Marine worm with a toxic diet
23 Apr 2012 by Evoluted New Media
Faced with a scarce food supply in the sandy sediments in which it lives, a small marine worm survives on a highly poisonous menu of carbon monoxide and hydrogen sulphide.
The worm – Olavius algarvensis – thrives on these poisons thanks to millions of symbiotic bacteria that live under its skin, which use the energy from carbon monoxide and hydrogen sulphide to produce food for the worm.
“They do this so effectively that the worm has lost its entire digestive system, including its mouth and gut, during the course of evolution, and feeds only through its symbionts,” said Nicole Dubilier, Head of Symbiosis Group at the Max Planck Institute for Marine Microbiology.
Some of the symbiotic bacteria in the worm can take up hydrogen and organic nutrients from the environment – even if present in small amounts. They can also recycle the worm’s waste, which still contains lots of energy for their own purposes.
“This is the reason why the worm has been able to not only reduce its digestive system, but also its kidney-like excretory organs,” said Dubilier, “Something that has not been discovered in any other marine animal.”
The research – which includes Greifswald University – used a combination of cutting-edge techniques such as metaproteomics and metabolomics. This made it possible to analyse a large proportion of proteins and metabolic products in the organism.

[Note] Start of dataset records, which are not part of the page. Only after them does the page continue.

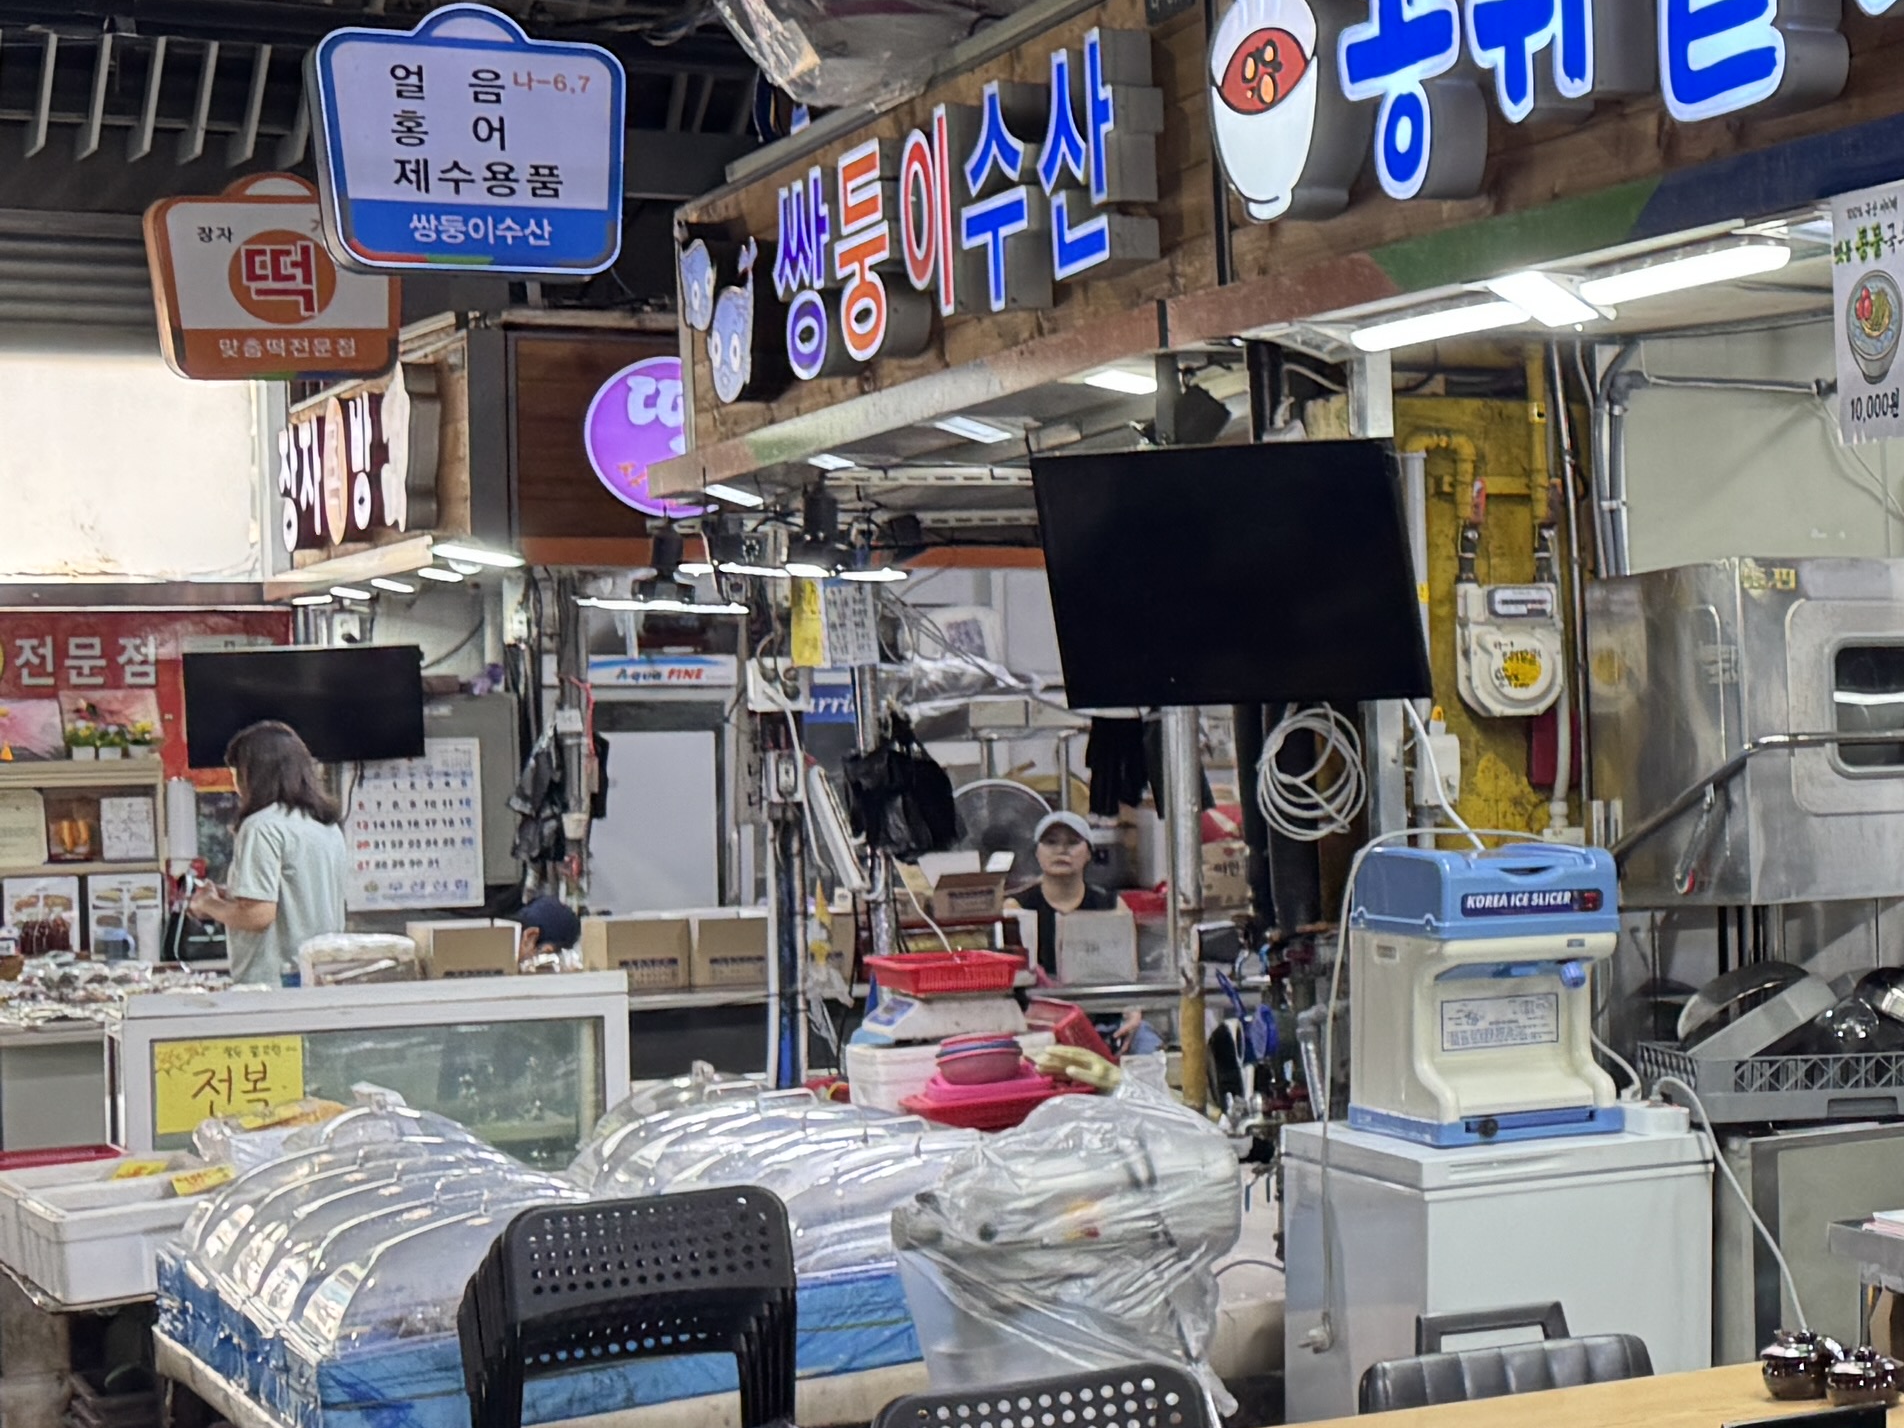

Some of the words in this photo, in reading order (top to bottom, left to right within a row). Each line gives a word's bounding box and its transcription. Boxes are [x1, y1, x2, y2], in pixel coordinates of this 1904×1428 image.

[393, 158, 563, 198] 제수용품
[772, 28, 1117, 380] 쌍둥이수산
[198, 227, 234, 243] 장자
[409, 214, 553, 246] 쌍둥이수산
[241, 241, 318, 317] 떡
[1850, 387, 1900, 423] 10,000원
[667, 668, 704, 680] FINE
[1466, 893, 1507, 909] KOREA
[1510, 892, 1529, 907] ICE
[1531, 891, 1572, 906] SLICER

“Using metaproteomics, we were able to identify thousands of proteins and assign them to the individual partners in the symbiosis,” said Thomas Schweder from Greifswald’s Institute of Pharmacy. “This gave us direct insights into the metabolism of the bacterial symbionts and their interactions with the host.”
The researchers were surprised that their analyses revealed that the worm has large amounts of proteins that allow it to use carbon monoxide as an energy source, because it is so poisonous.

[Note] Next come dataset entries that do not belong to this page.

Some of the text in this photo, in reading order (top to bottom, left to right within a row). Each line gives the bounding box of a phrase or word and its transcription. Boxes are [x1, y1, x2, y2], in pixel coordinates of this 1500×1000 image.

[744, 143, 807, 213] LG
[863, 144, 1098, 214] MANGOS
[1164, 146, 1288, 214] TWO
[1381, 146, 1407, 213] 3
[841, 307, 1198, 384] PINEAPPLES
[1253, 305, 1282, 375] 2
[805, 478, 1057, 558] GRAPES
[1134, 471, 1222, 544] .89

It is only recently that the researchers – who have published their work in Proceedings of the National Academy of Sciences – have been able to work out the worm’s metabolic pathways and discover new energy sources.
“The worm provides us with an example of the power of evolution. Over the course of millions of years, adaptation and selection have led to the development of an optimally adapted host-symbiont system,” said Dubilier. “And seemingly these modest worms are an excellent model for a better understanding of other complex symbioses, such as those of the human gut.”